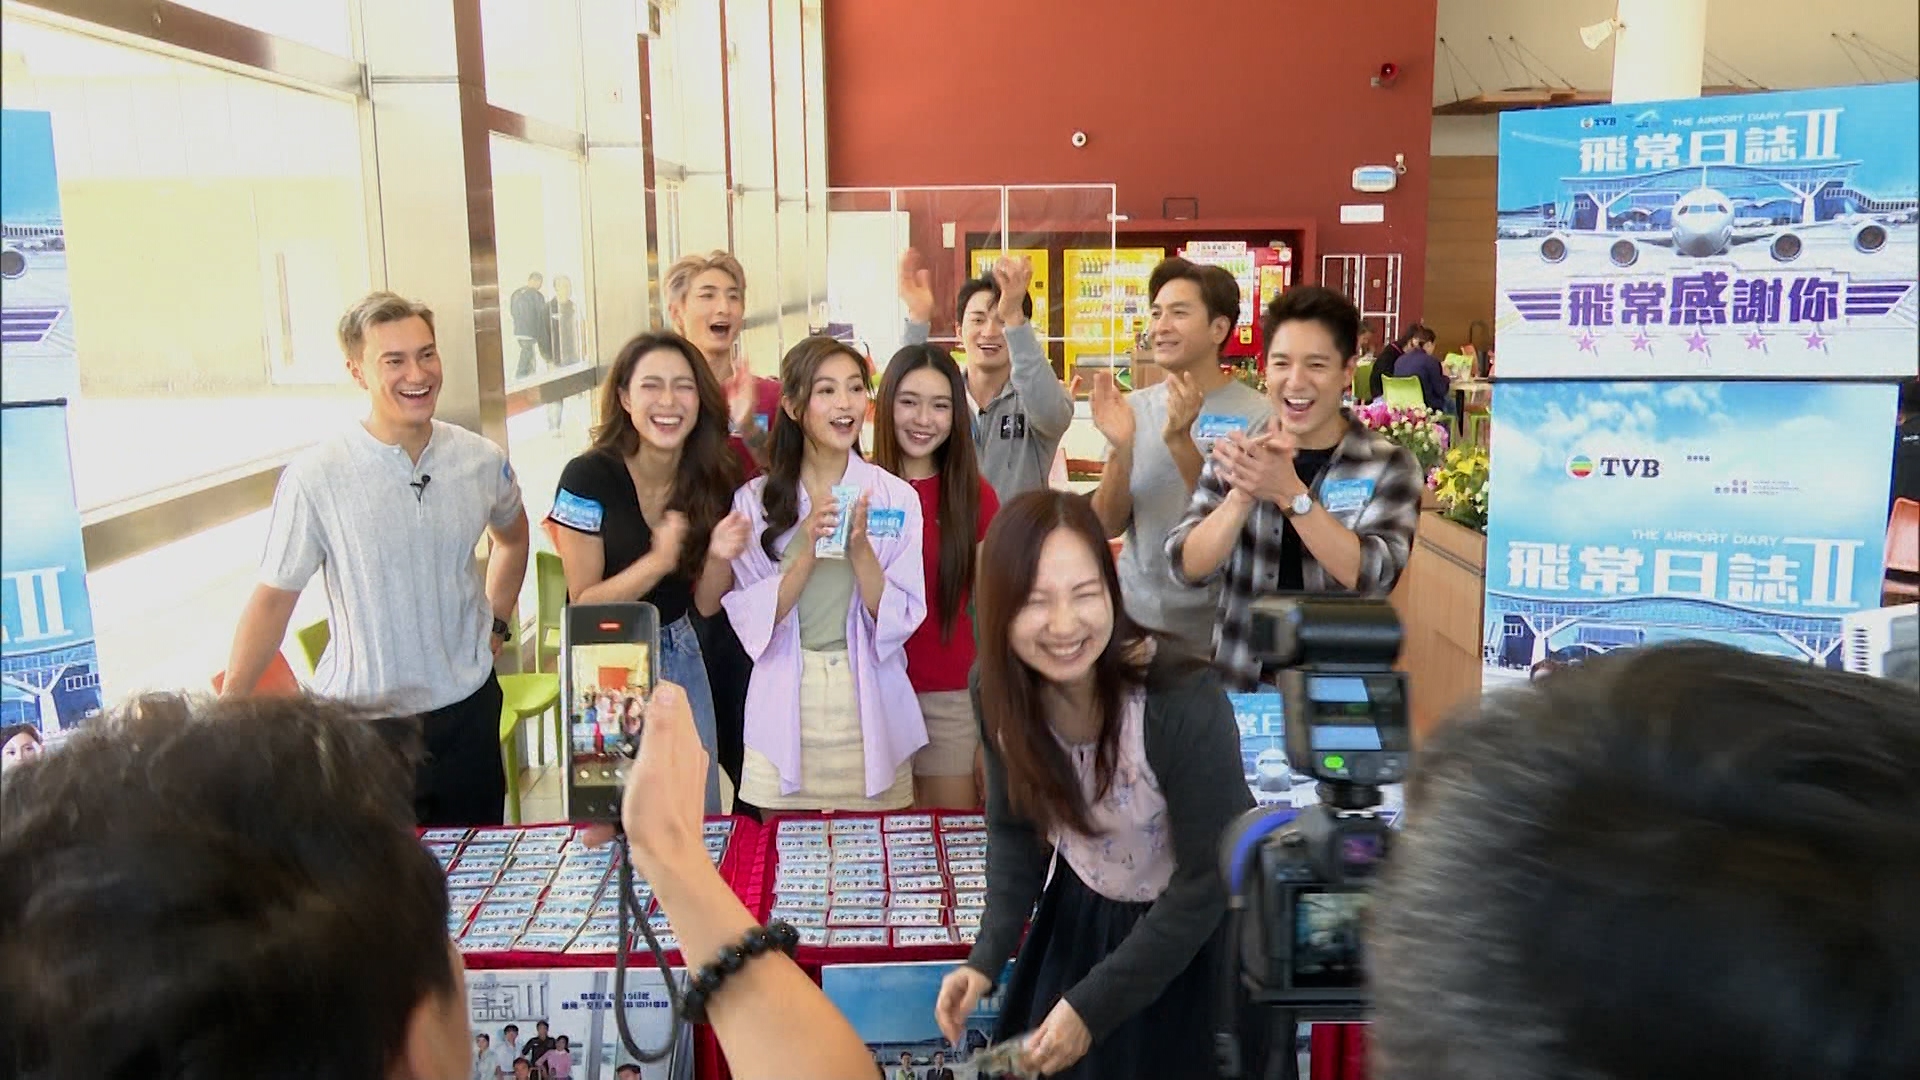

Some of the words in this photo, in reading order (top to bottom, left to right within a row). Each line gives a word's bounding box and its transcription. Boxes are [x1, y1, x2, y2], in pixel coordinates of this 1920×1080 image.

[1595, 117, 1617, 127] TVB
[1672, 118, 1693, 127] THE
[1697, 114, 1744, 126] AIRPORT
[1748, 112, 1782, 122] DIARY
[1568, 271, 1839, 326] 飛常感謝你
[1600, 457, 1660, 478] TVB
[1631, 529, 1660, 541] THE
[1664, 530, 1728, 545] AIRPORT
[1733, 534, 1779, 547] DIARY
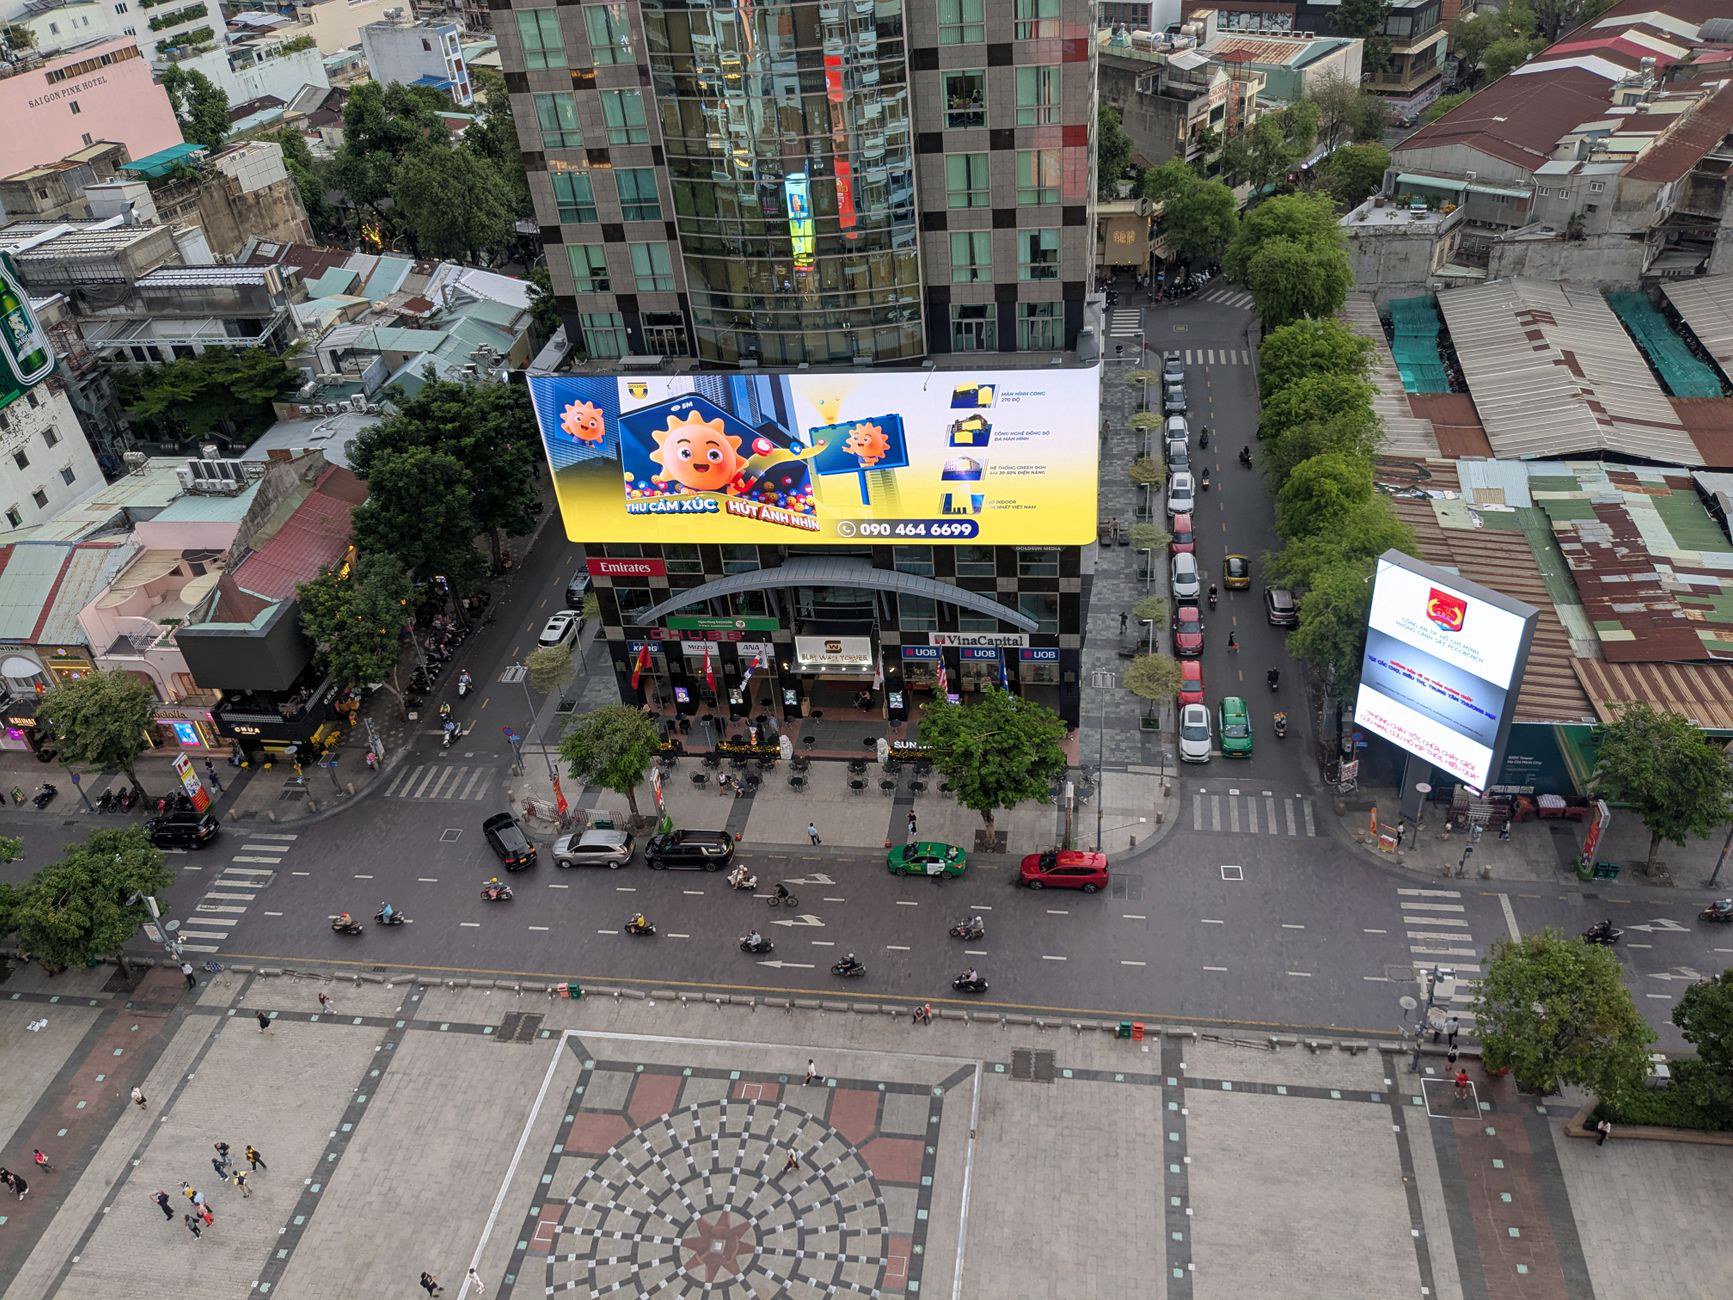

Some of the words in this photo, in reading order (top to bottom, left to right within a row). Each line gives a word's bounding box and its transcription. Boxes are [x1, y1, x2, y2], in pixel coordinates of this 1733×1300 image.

[28, 91, 61, 108] SAIGON
[61, 83, 82, 98] PINK
[82, 76, 107, 91] HOTEL
[626, 503, 649, 512] THU
[650, 498, 680, 511] CẢM
[681, 497, 719, 511] XÚC
[729, 502, 758, 516] HÚT
[860, 523, 890, 536] 090
[895, 523, 926, 536] 464
[930, 523, 972, 536] 6699
[600, 562, 651, 573] Emirates
[650, 629, 742, 640] CHUBB
[947, 635, 1023, 647] VinaCapital
[974, 650, 996, 658] UOB
[1033, 651, 1056, 659] UOB
[894, 741, 917, 749] SUN
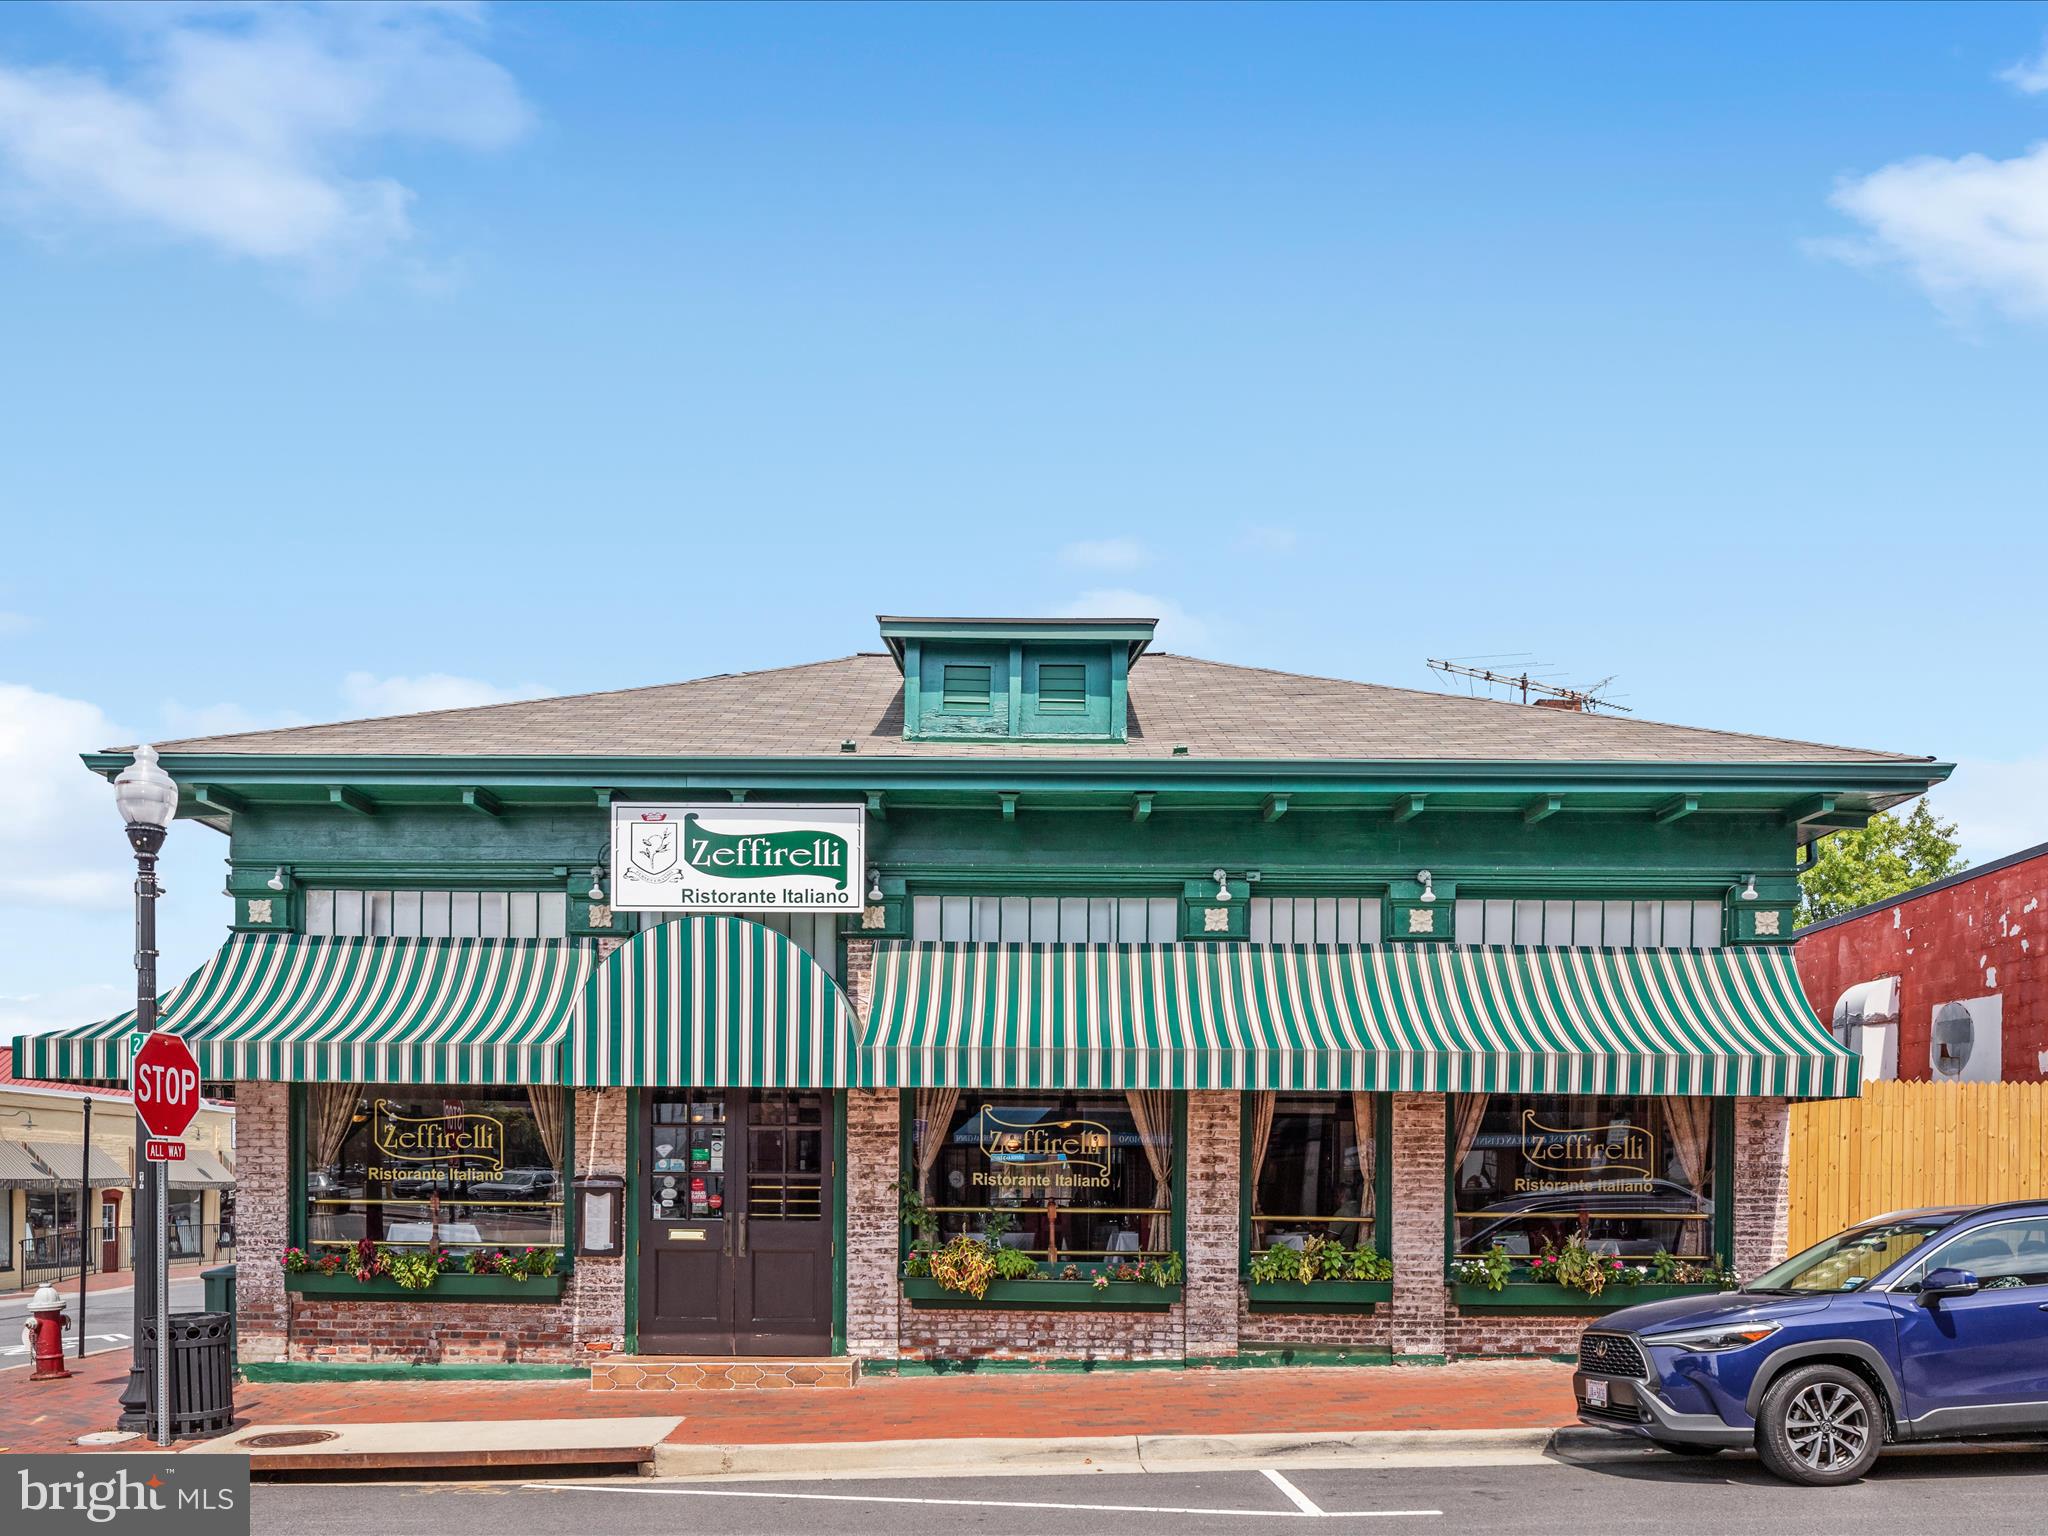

■ ■ ■ ■ ■

- Exercise description
The answer is the full listing above, reproduced character for character, minus its images.

- Response area
Some of the words in this photo, in reading order (top to bottom, left to right within a row). Each line gives a word's bounding box and its transcription. Boxes are [x1, y1, x2, y2], in pixel coordinates of this 1920×1080 image.

[1595, 117, 1617, 127] TVB
[1672, 118, 1693, 127] THE
[1697, 114, 1744, 126] AIRPORT
[1748, 112, 1782, 122] DIARY
[1568, 271, 1839, 326] 飛常感謝你
[1600, 457, 1660, 478] TVB
[1631, 529, 1660, 541] THE
[1664, 530, 1728, 545] AIRPORT
[1733, 534, 1779, 547] DIARY

Some of the words in this photo, in reading order (top to bottom, left to right within a row). Each line gives a word's bounding box and its transcription. Boxes are [x1, y1, x2, y2], in pixel coordinates of this 1733×1300 image.

[28, 91, 61, 108] SAIGON
[61, 83, 82, 98] PINK
[82, 76, 107, 91] HOTEL
[626, 503, 649, 512] THU
[650, 498, 680, 511] CẢM
[681, 497, 719, 511] XÚC
[729, 502, 758, 516] HÚT
[860, 523, 890, 536] 090
[895, 523, 926, 536] 464
[930, 523, 972, 536] 6699
[600, 562, 651, 573] Emirates
[650, 629, 742, 640] CHUBB
[947, 635, 1023, 647] VinaCapital
[974, 650, 996, 658] UOB
[1033, 651, 1056, 659] UOB
[894, 741, 917, 749] SUN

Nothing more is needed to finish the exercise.